- **Exercise**: Skip the pictures and restate, word for word, the lines from the one containing "Some of the words" to the end of the data below.

- **Spatial localization data**:
# # # # #

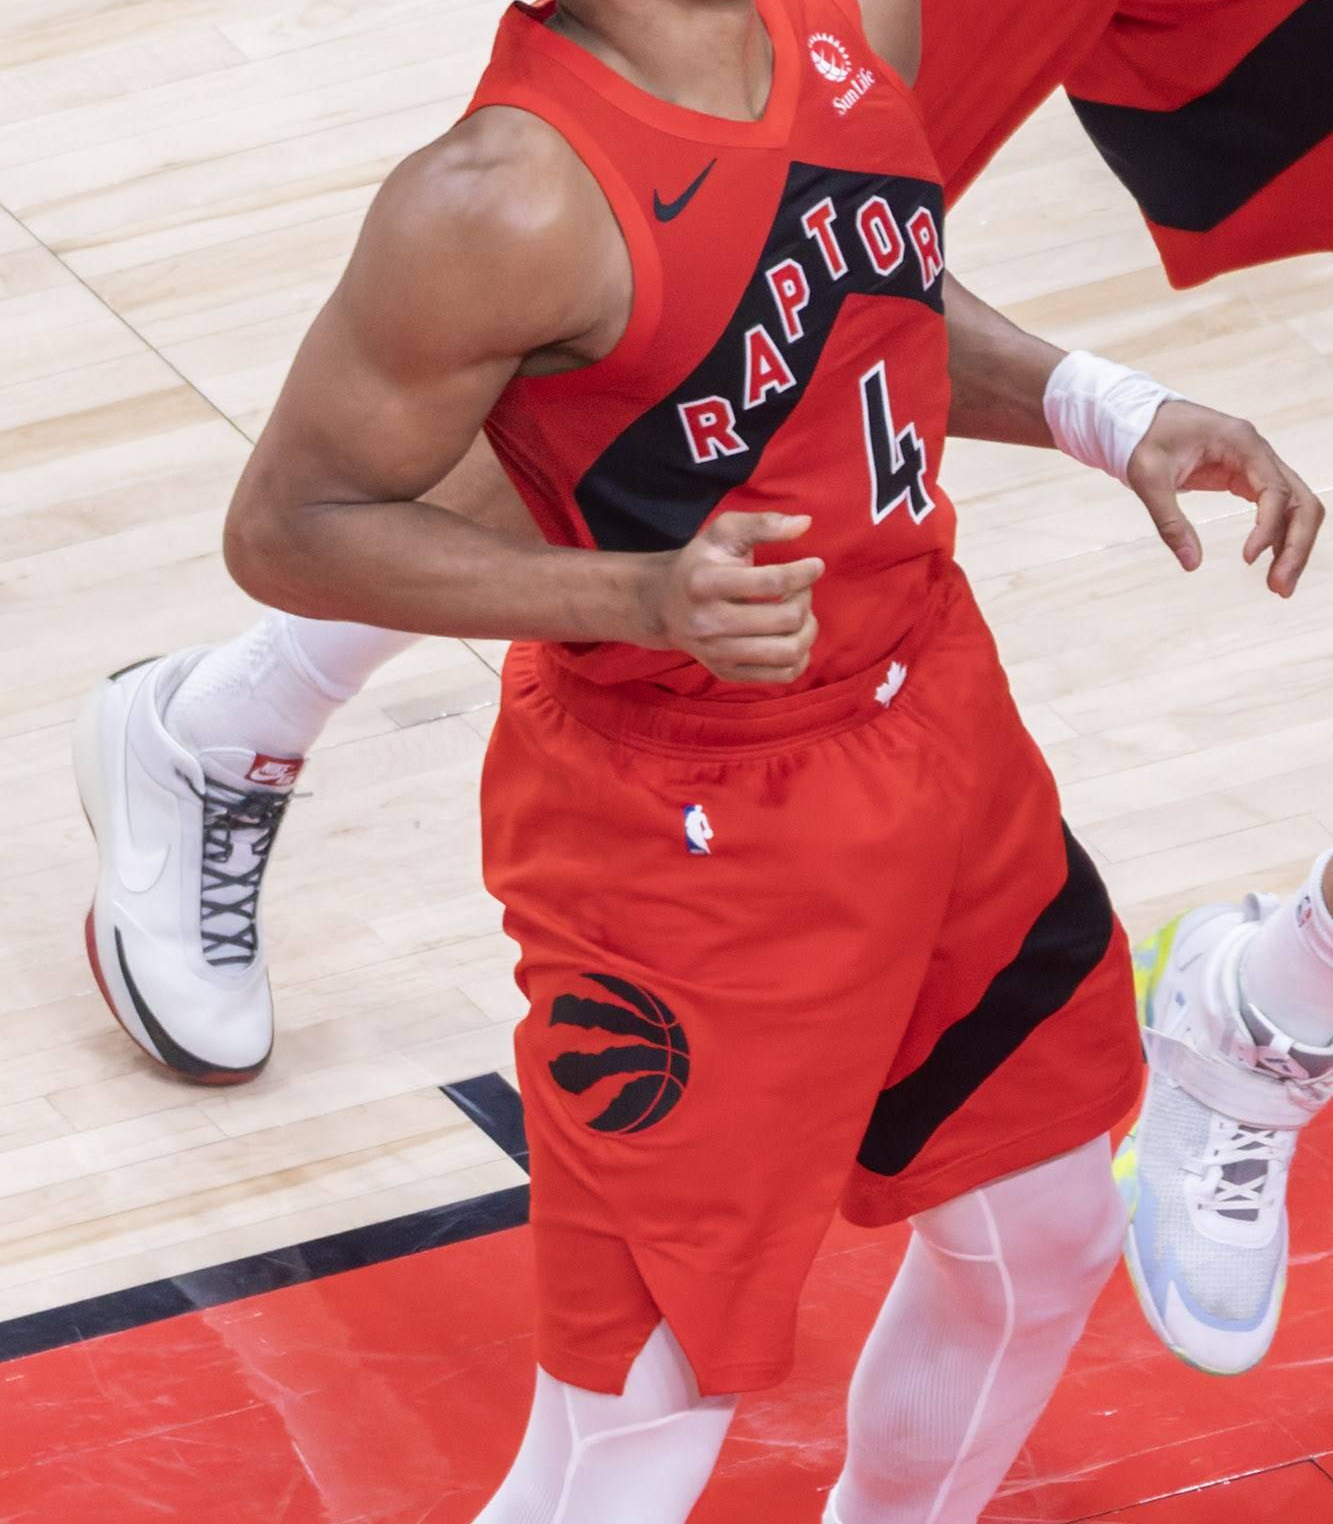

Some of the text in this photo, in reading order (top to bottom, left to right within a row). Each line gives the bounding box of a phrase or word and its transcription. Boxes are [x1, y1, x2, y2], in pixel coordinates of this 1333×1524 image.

[832, 67, 876, 115] Sun Life
[677, 195, 944, 465] RAPTOR
[859, 360, 936, 525] 4
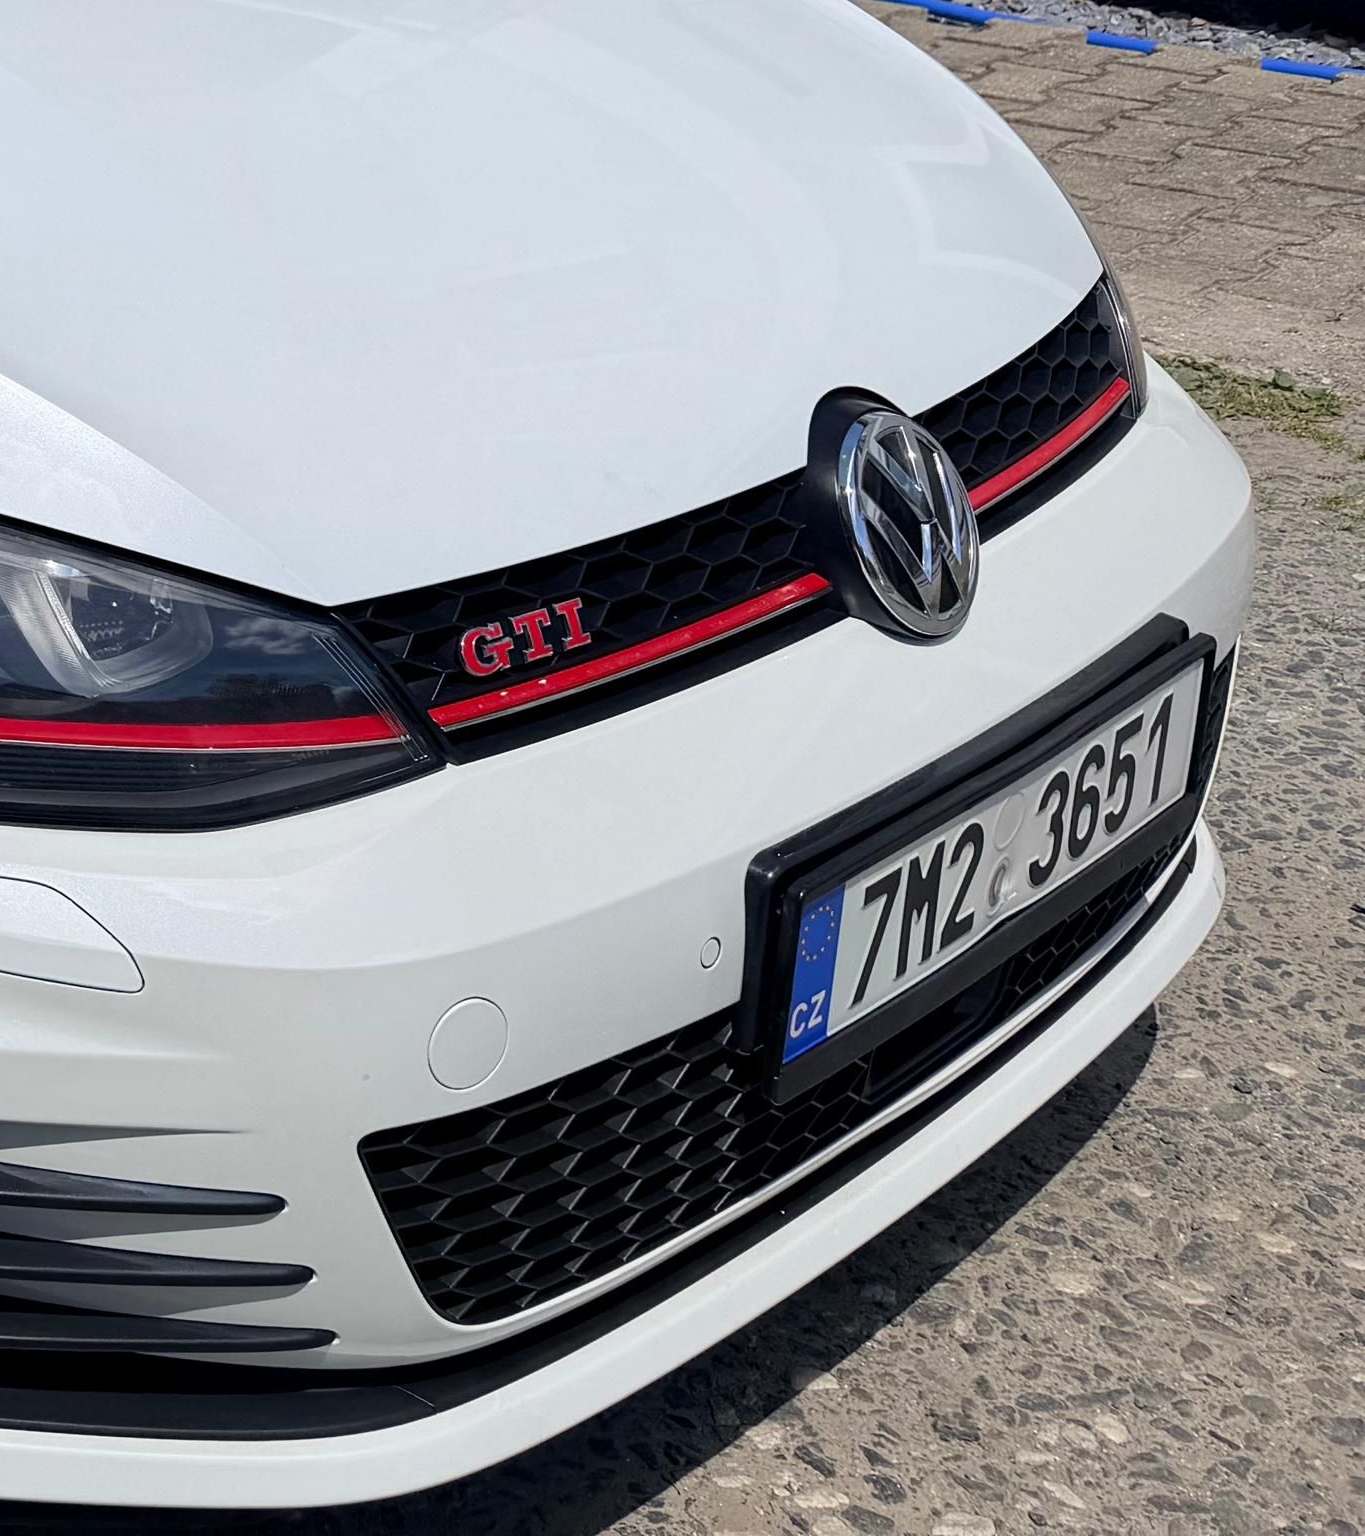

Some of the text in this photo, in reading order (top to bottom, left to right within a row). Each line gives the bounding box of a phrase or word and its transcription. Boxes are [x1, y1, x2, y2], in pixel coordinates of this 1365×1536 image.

[460, 597, 592, 677] GTI
[848, 693, 1175, 1011] 7M2 3651
[789, 990, 826, 1040] CZ
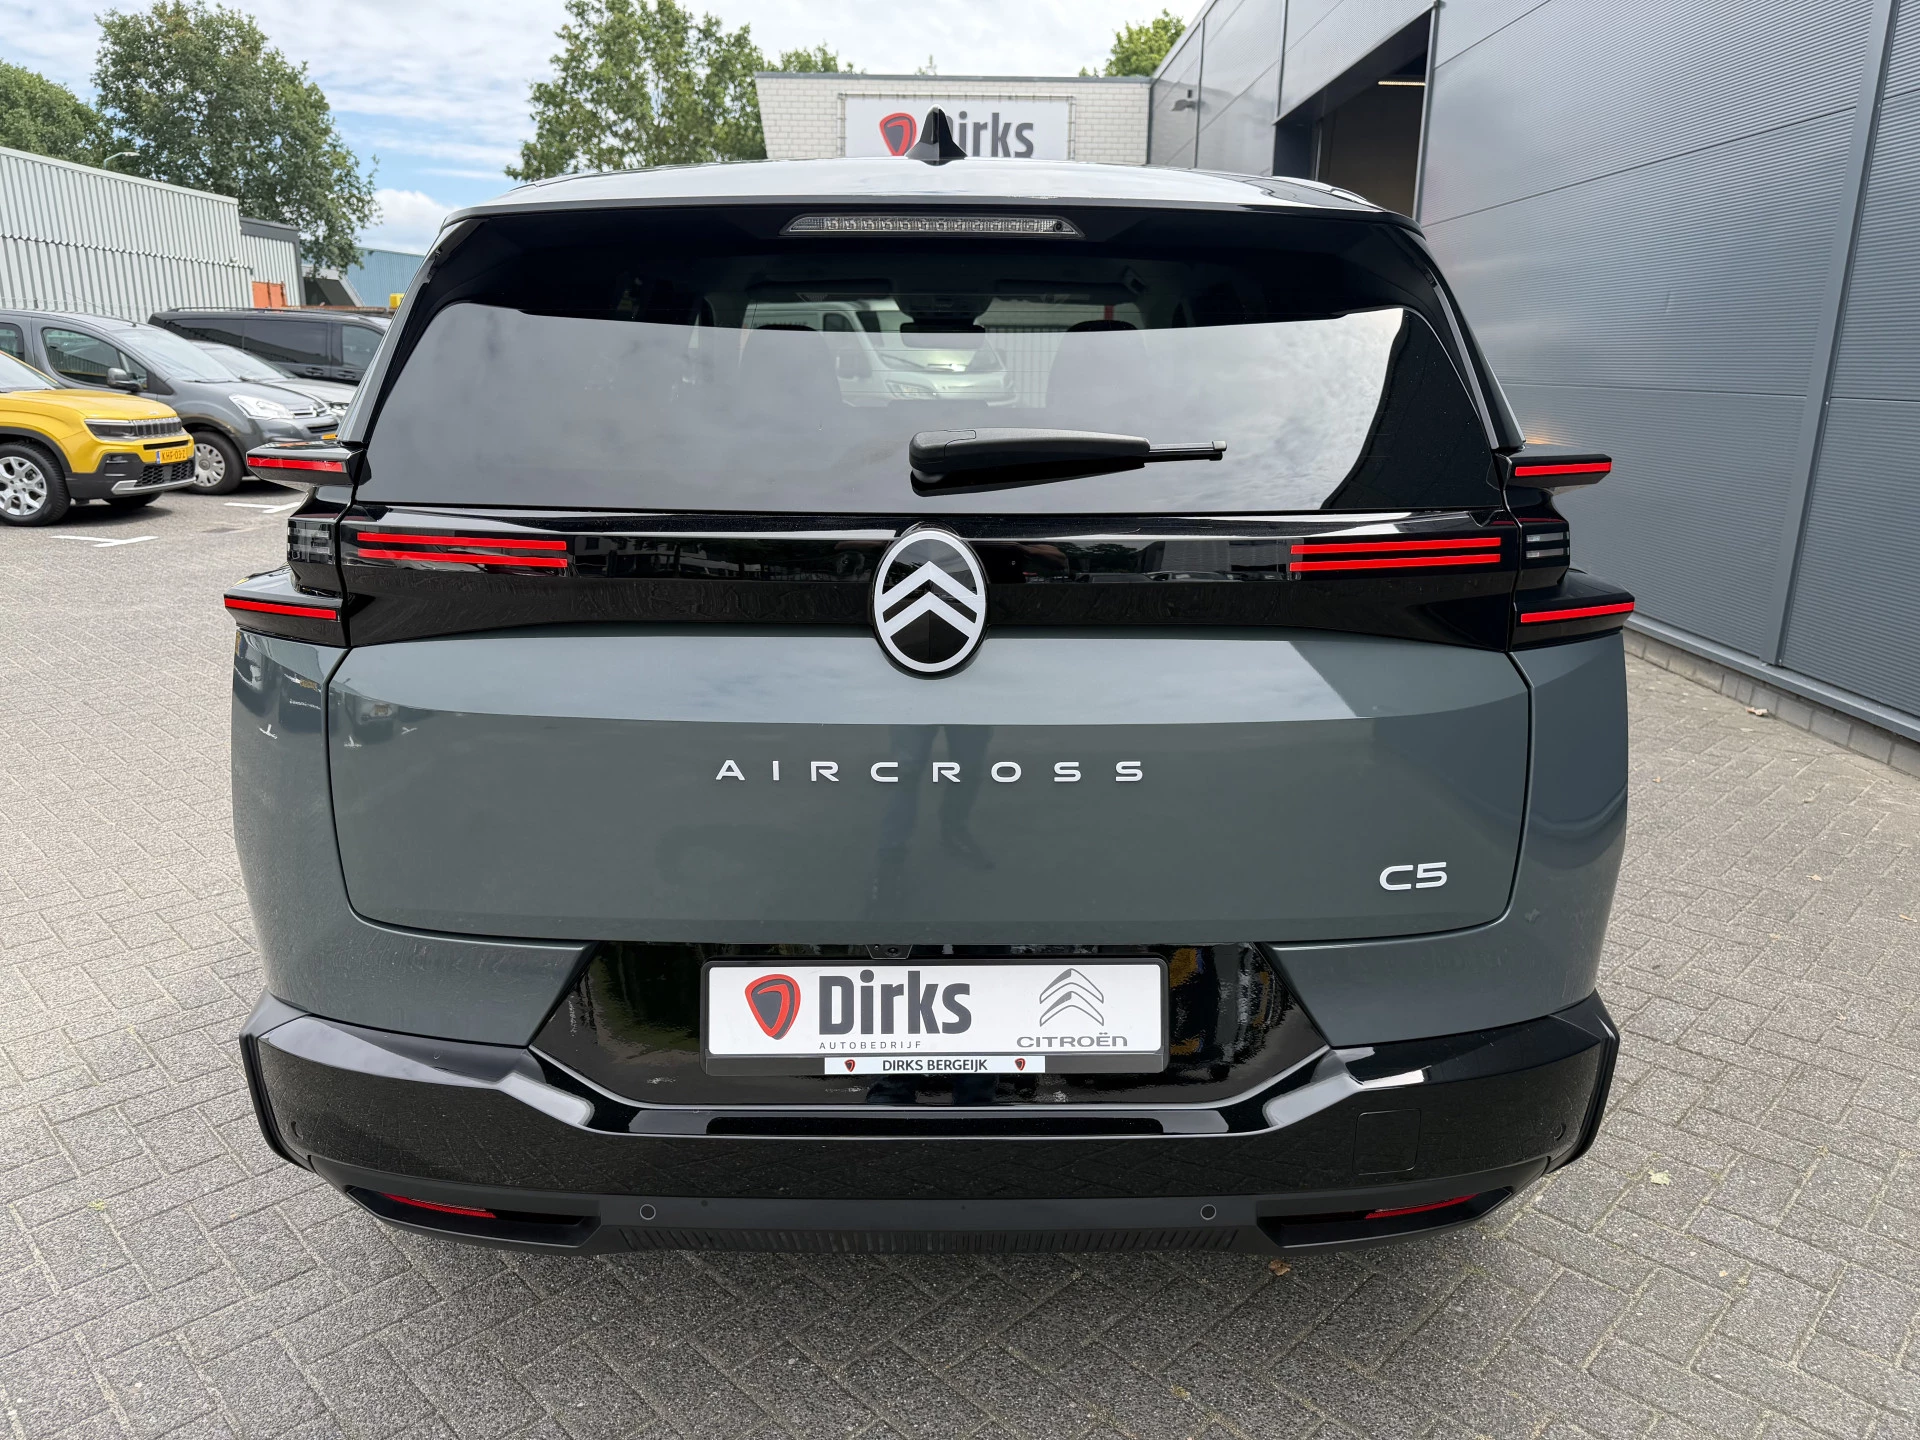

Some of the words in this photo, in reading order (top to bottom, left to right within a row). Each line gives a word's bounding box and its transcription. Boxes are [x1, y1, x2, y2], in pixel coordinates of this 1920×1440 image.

[945, 111, 1034, 158] irks
[715, 759, 1143, 783] AIRCROSS
[1379, 862, 1448, 891] C5
[818, 969, 972, 1035] Dirks
[819, 1040, 922, 1050] AUTOBEDRIJF
[882, 1059, 923, 1072] DIRKS
[927, 1059, 988, 1073] BERGEIJK
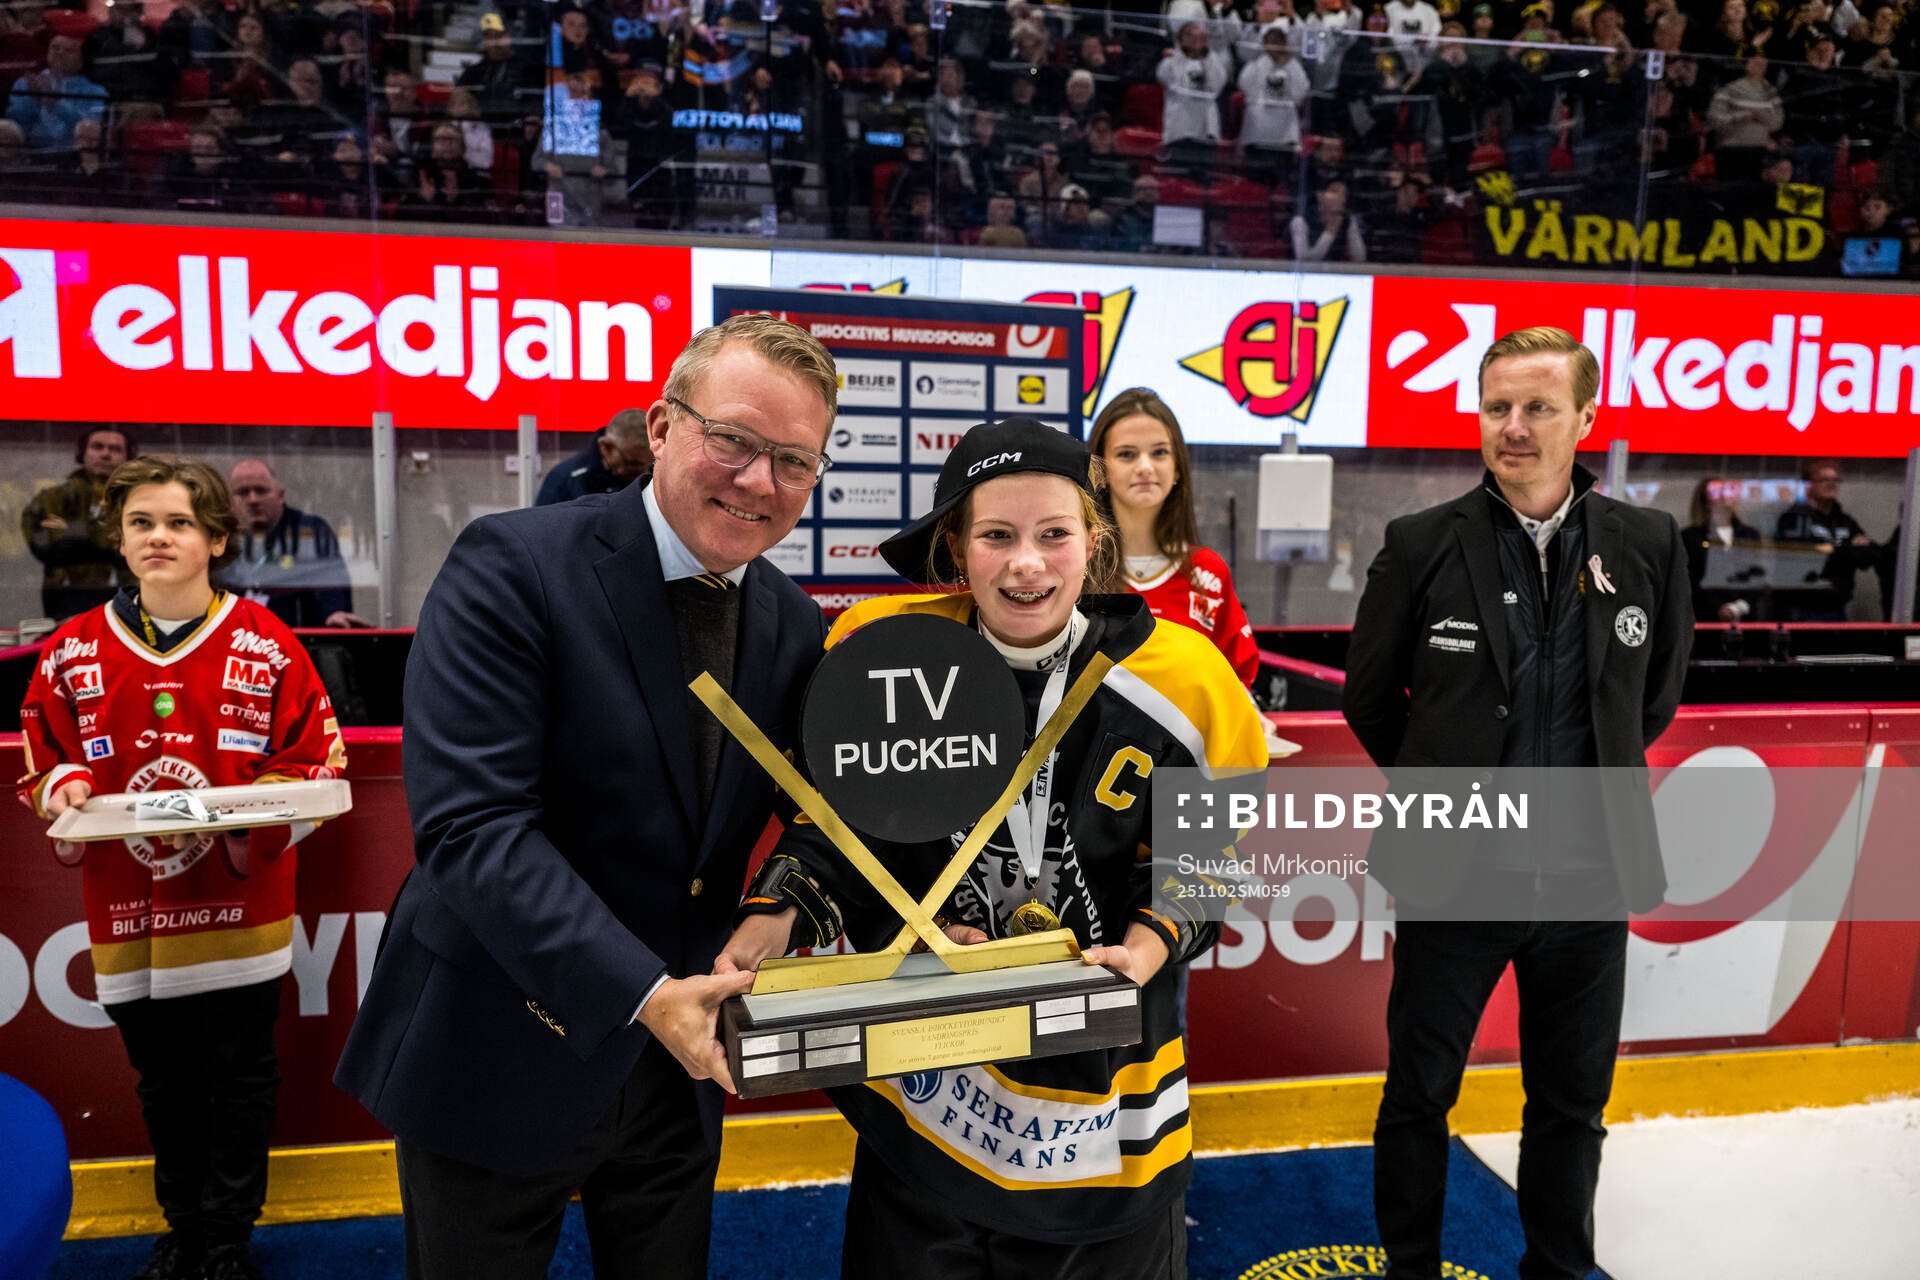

# # # # #

- **Expected output**:
Some of the words in this photo, in reading order (top to bottom, left to right within a row). Each line gives a word's bounding box and its transcription. Boxes are [x1, y1, x2, y2], in pixel coordinates of this 1920×1440 image.

[945, 111, 1034, 158] irks
[715, 759, 1143, 783] AIRCROSS
[1379, 862, 1448, 891] C5
[818, 969, 972, 1035] Dirks
[819, 1040, 922, 1050] AUTOBEDRIJF
[882, 1059, 923, 1072] DIRKS
[927, 1059, 988, 1073] BERGEIJK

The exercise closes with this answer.